Bradés, vendus en ligne, donnés aux associations ou expédiés dans les pays émergents, les rebuts des soldes connaissent de nombreux débouchés.
QUE reste-t-il après la dernière démarque, le coup de balai final ? Des invendus. Les commerçants ont beau pratiquer des rabais agressifs pour vider leurs rayons avant l’arrivée de la prochaine collection, ils se retrouvent malgré tout avec sur les bras des articles dont personne ne veut. Tailles extrêmes, modèles ratés, coloris repoussants et surtout séries commandées en trop grand nombre, ils doivent gérer ces vêtements devenus obsolètes. Ce « mauvais stock » ou « stock mort », comme l’appellent les détaillants, représenterait en moyenne 6 % des collections. Sa valeur est dépréciée dans leurs comptes ; reste à trouver un sort à la marchandise.
Les grands magasins évoquent ce sujet du bout des lèvres. Une partie de ces invendus est mise en réserve et ressortie... pour les soldes de l’année suivante, le plus souvent en vrac dans des bacs. Le Printemps développe aussi des accords prévoyant leur reprise par ses fournisseurs. Aux Galeries Lafayette, comme chez certaines marques, on détruit même une partie des biens.
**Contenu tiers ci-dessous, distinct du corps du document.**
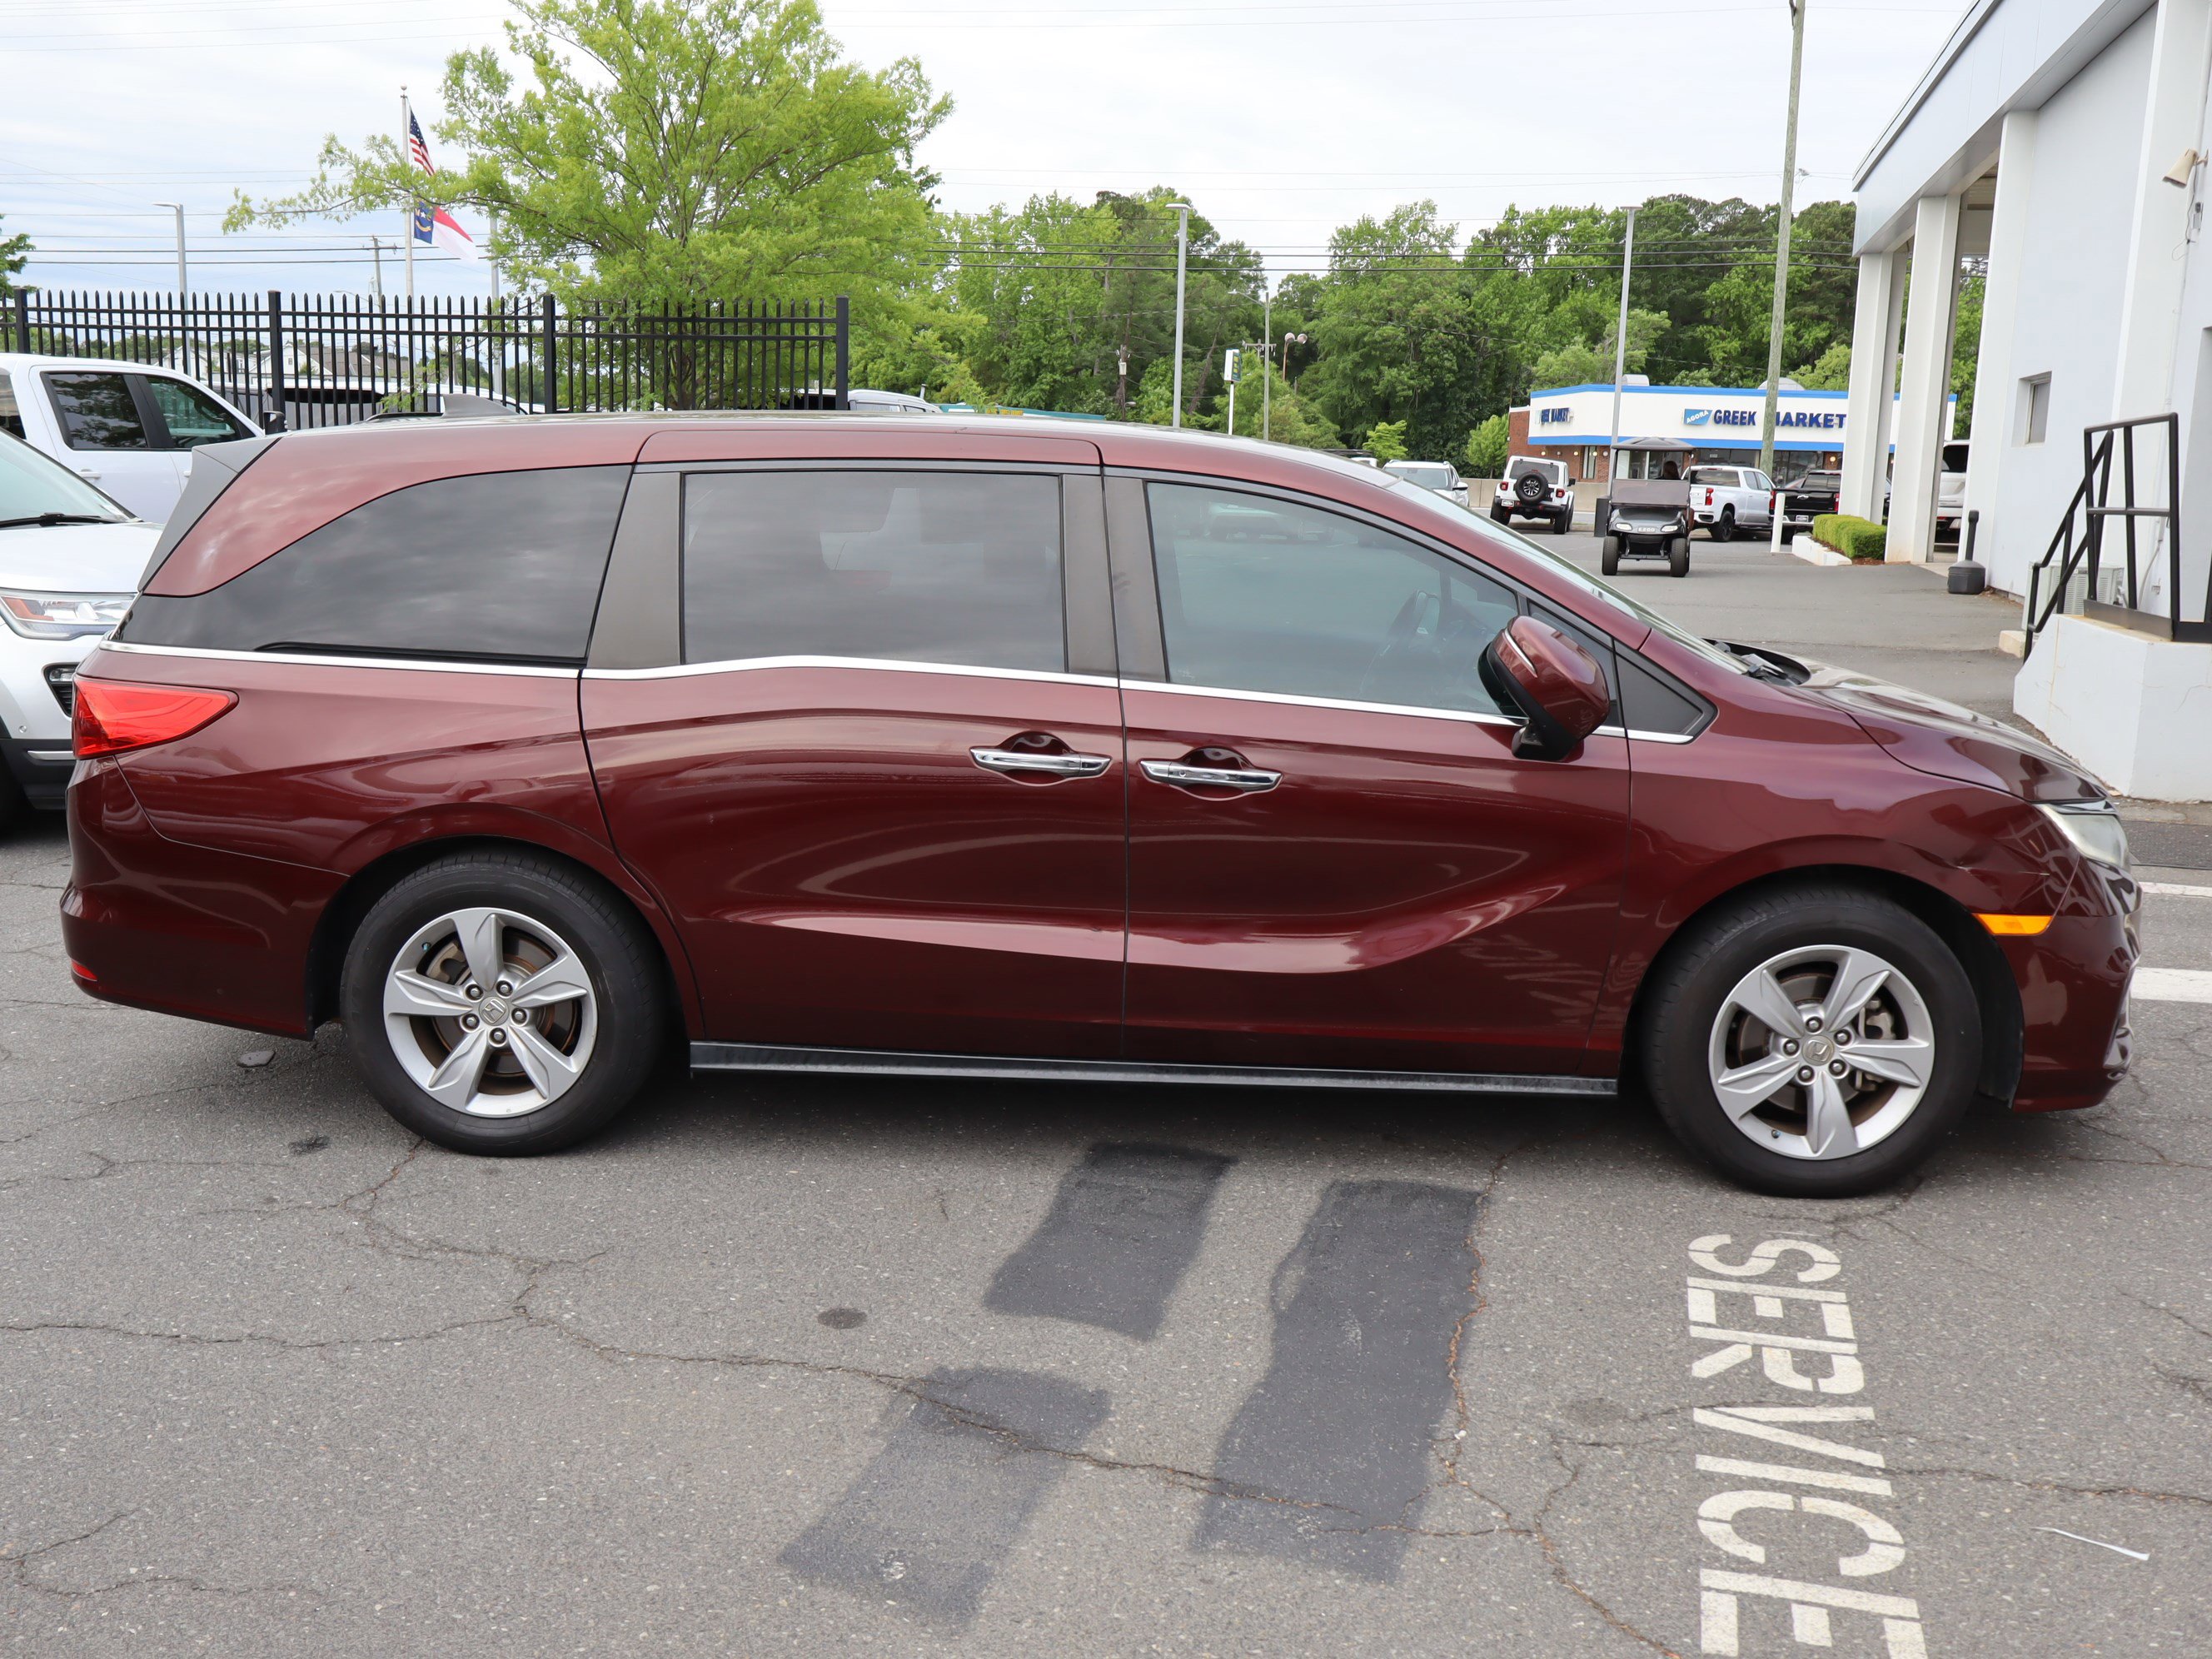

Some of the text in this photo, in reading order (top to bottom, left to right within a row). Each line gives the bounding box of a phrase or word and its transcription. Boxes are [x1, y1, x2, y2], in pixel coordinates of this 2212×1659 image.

Parallèlement, il existe des filières organisées capables de donner une seconde vie aux vêtements. Des soldeurs professionnels se font fort de racheter ces stocks, pour quelques centimes ou quelques euros la pièce, voire au kilo, approvisionnant marchés ou magasins dégriffés.
Cap sur la Russie
Plus moderne : les sites Internet de déstockage se multiplient. Des séries entières d’articles de saisons précédentes peuvent y être écoulées sous forme de « ventes privées » en quelques heures, avec des marges réduites (5 % à 10 % du prix de vente). Les marques ouvrent aussi des magasins d’usines à leur nom, dans des centres commerciaux spécialisés qui fleurissent de Marne-la-Vallée à Troyes ou dans le Nord.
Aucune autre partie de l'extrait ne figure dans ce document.